Re: Pacman Suggestion

whargoul wrote:

Pacman is good enough as it is.

Oh, please. Pacman is OK, but it's far from beeing good enought (I don't think a programm can ever be good enought tongue).

First of all it lacks API for GUI front-end's (this will change soon).

Second - the srcpac functionality is a must. I don't see any other way to use ABS then with srcpac. This uh-oh ABS system wants me to go to the /var/abs/local, make a directory, copy PKGBUILD and finally compile a package that I manually have to add. I can stay with configure and make - maybe that's even faster. So Pacman3 should definitely include the srcpac "-b" option - in the end that's what the ABS is for.
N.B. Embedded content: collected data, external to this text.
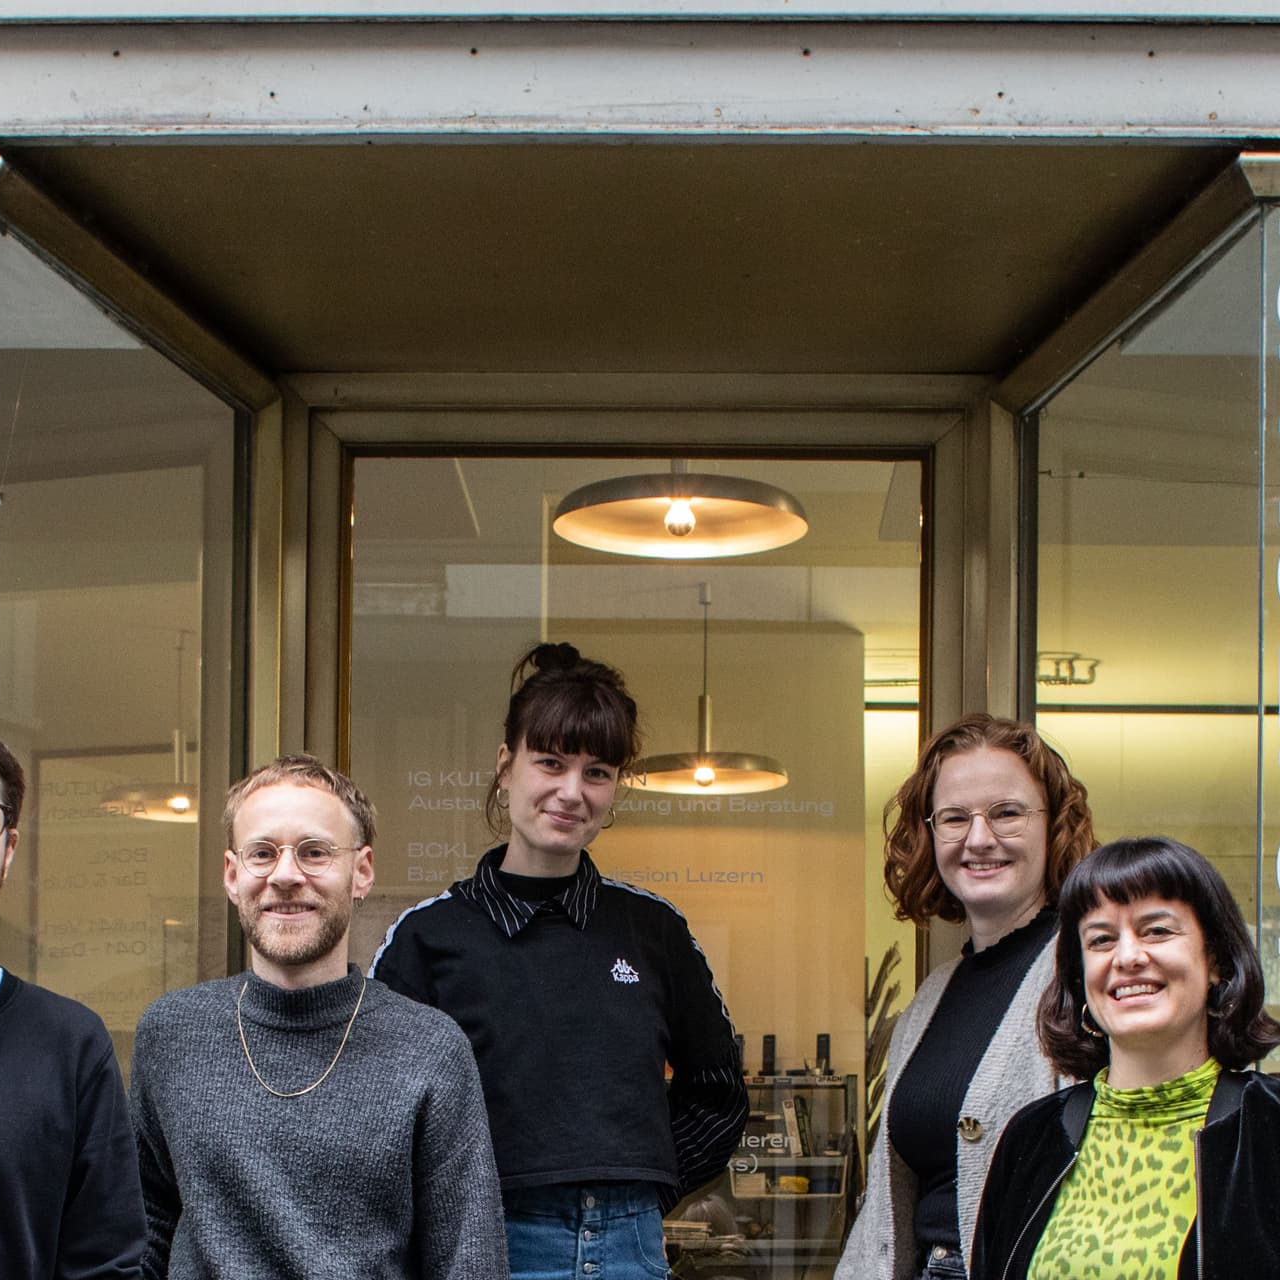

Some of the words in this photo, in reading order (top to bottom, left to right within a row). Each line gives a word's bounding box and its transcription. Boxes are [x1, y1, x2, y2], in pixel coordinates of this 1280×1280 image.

[407, 770, 433, 787] IG
[678, 796, 721, 813] und
[728, 796, 834, 818] Beratung
[407, 841, 477, 858] BCKL
[407, 866, 449, 882] Bar
[685, 866, 764, 884] Luzern
[612, 972, 641, 985] Kappa
[738, 1131, 796, 1149] ieren
There is also no promised in the docs "way to rebuild your system from source with one command" method which I know of.

Third - the extensions. *.pkg.tar.gz is faaaaaar too long and unintuitive, but OK, I can live with that (although *.pac sounds great and I can't see any rason why not to make a switch). But PKGBUILD instead of foo.pkgbuild is just stupid. If I go to AUR and download two PKGBUILDs I have to rename them or whatever, it's the worst part o pacman in my opinion.

Color output is also a very good idea, it would make pacman easier to use. Look at qpkg for example.

And the final word - if pacman was "good enought" there wouldn't be a need for scripts like srcpac, dotpac, qpkg, aurbuild and others. Pacman is just not complete.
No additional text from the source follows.